Though there is unfathomable horror recounted in Pelicot’s memoir, it feels important to note there is more to it than that. The author flinches at being called an icon even though she has no problem being a catalyst for change.
What comes through is not just her preternatural strength but her enduring optimism. Rare will be the reader who doesn’t wonder how they would hold up in such circumstances.
Those close to Pelicot, including her children, were incensed by her apparent lack of anger after she learned of Dominique’s crimes, and that she still clung to happy memories. In her children’s minds, their whole lives had been reduced to a lie. Pelicot refuses to believe that. It also irks her that there are those who presume to lecture her, from lawyers to court psychologists to press commentators, about how she should feel and act as a victim.

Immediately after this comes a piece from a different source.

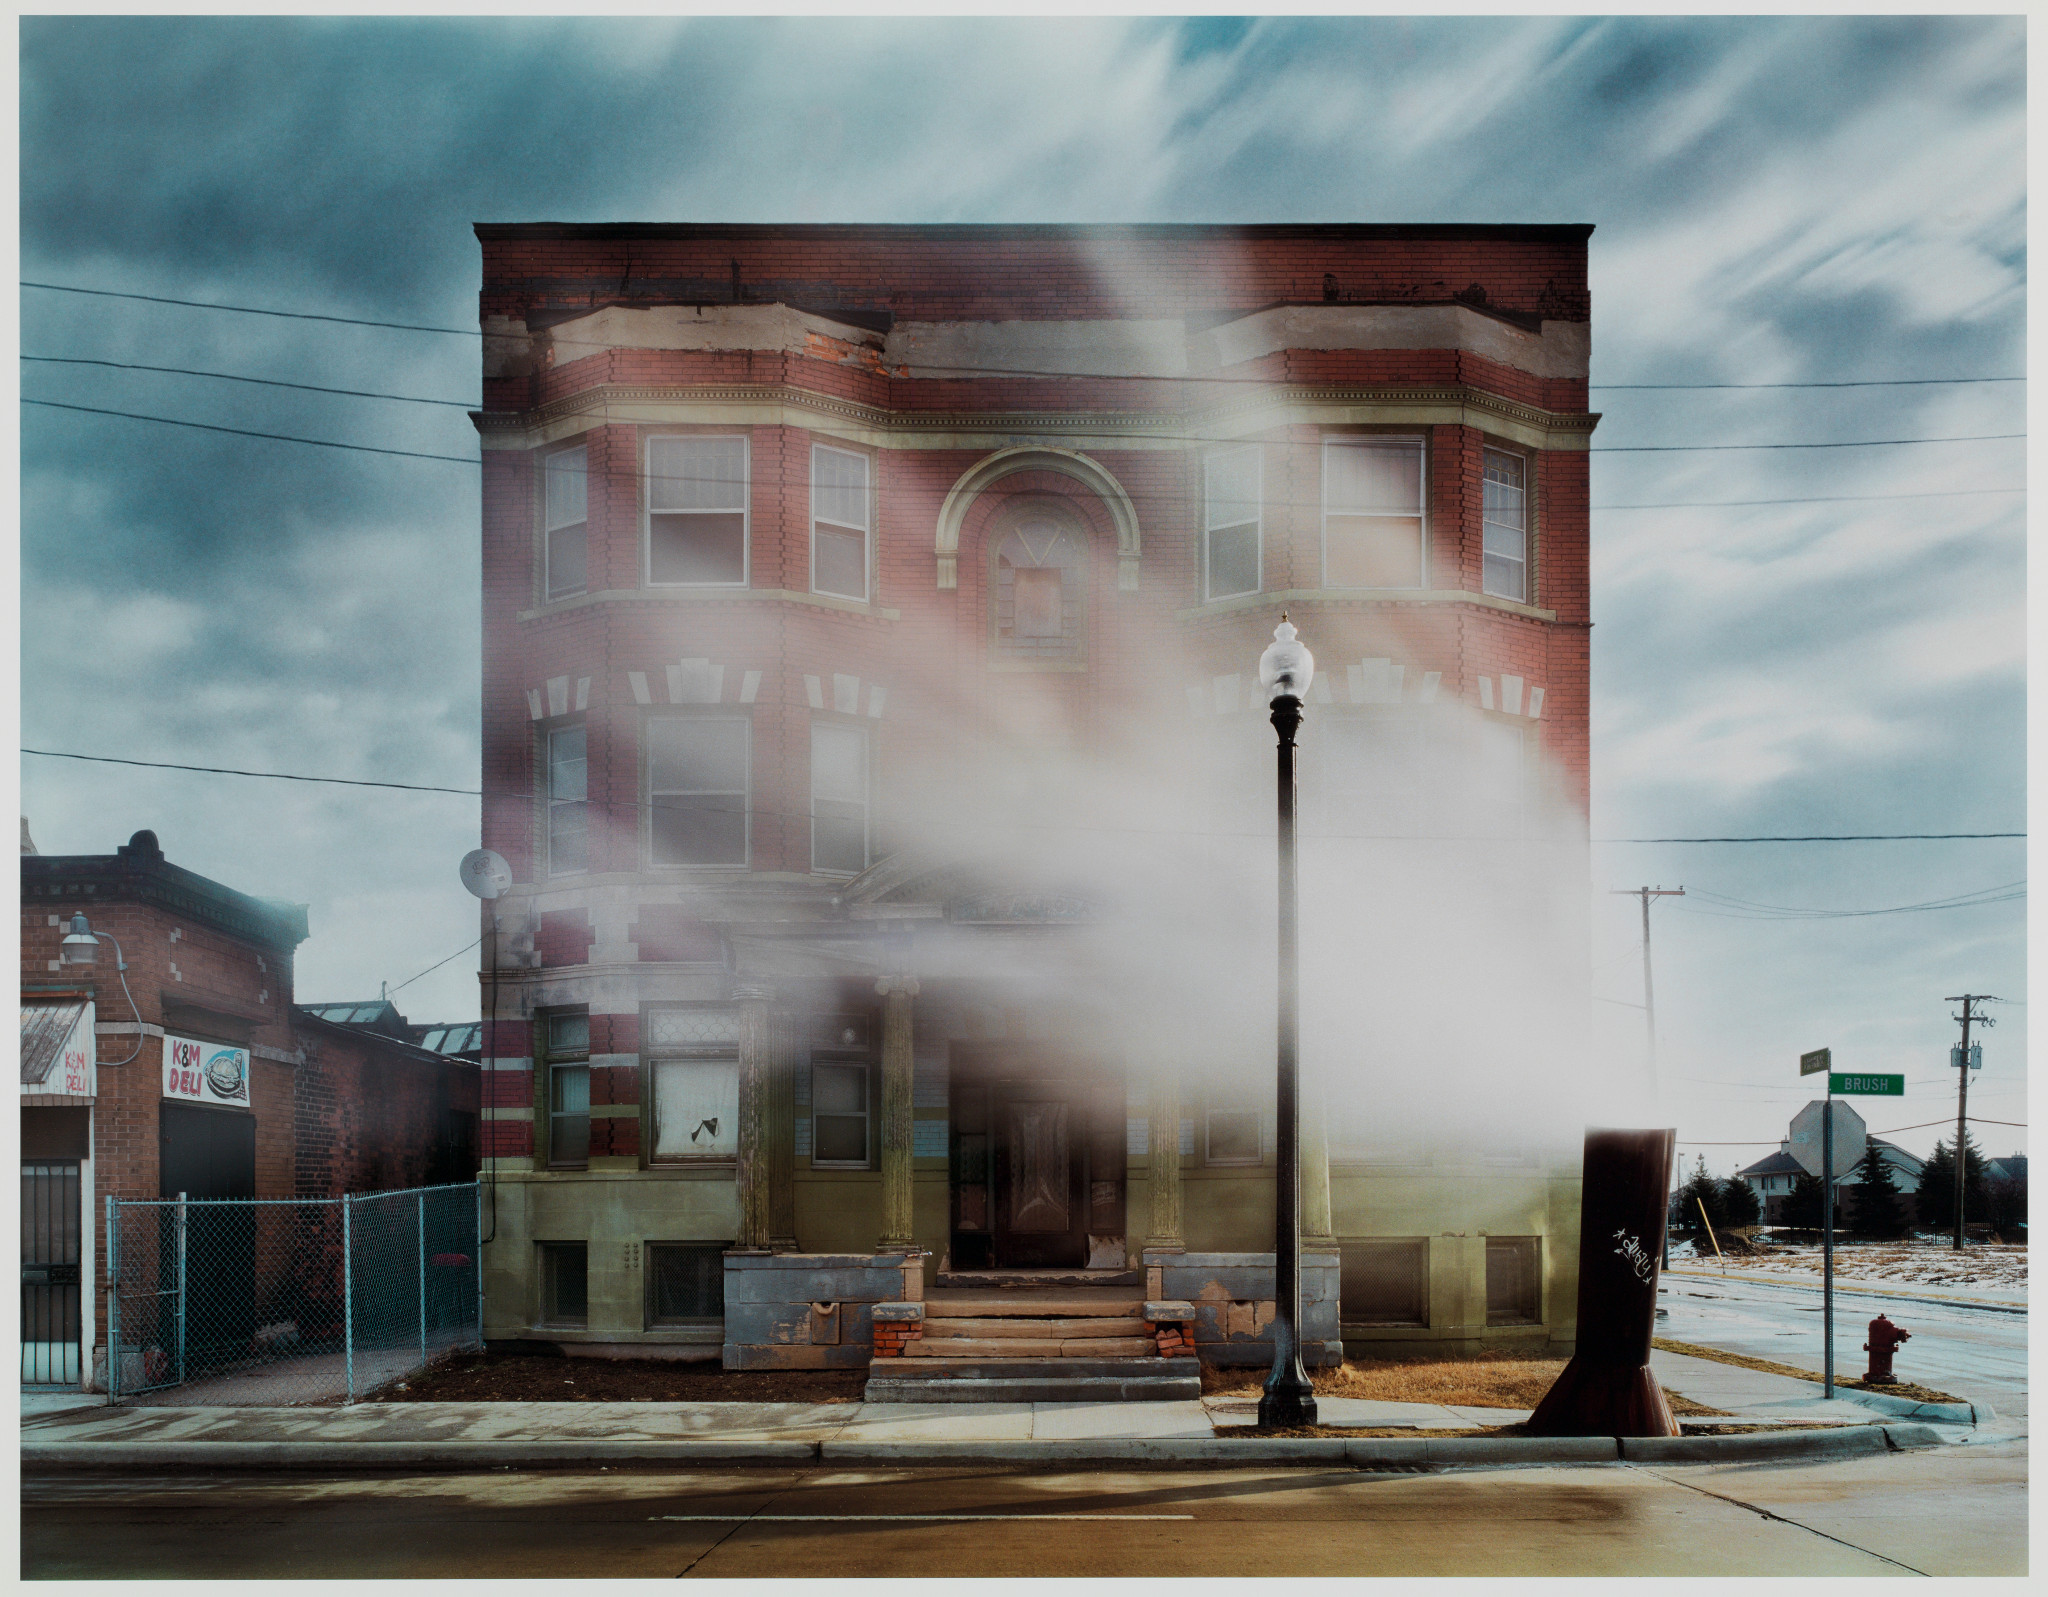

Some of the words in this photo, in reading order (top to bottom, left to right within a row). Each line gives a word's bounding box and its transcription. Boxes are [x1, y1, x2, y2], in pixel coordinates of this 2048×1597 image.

[173, 1040, 201, 1068] K&M
[66, 1073, 87, 1092] DELI
[169, 1068, 202, 1096] DELI
[1844, 1077, 1888, 1091] BRUSH

It is testament to her fortitude that she recently found love again, and that she still, despite everything, believes in the goodness of people. Back when Pelicot was a child standing over her mother’s body, she recalls feeling “a wave of infinite love wash over me, far stronger than death.”
That love, she says, has saved her. “The feeling persists: love is not dead. I am not dead. I still have faith in people. Once, that was my greatest weakness. Now it is my strength. My revenge.”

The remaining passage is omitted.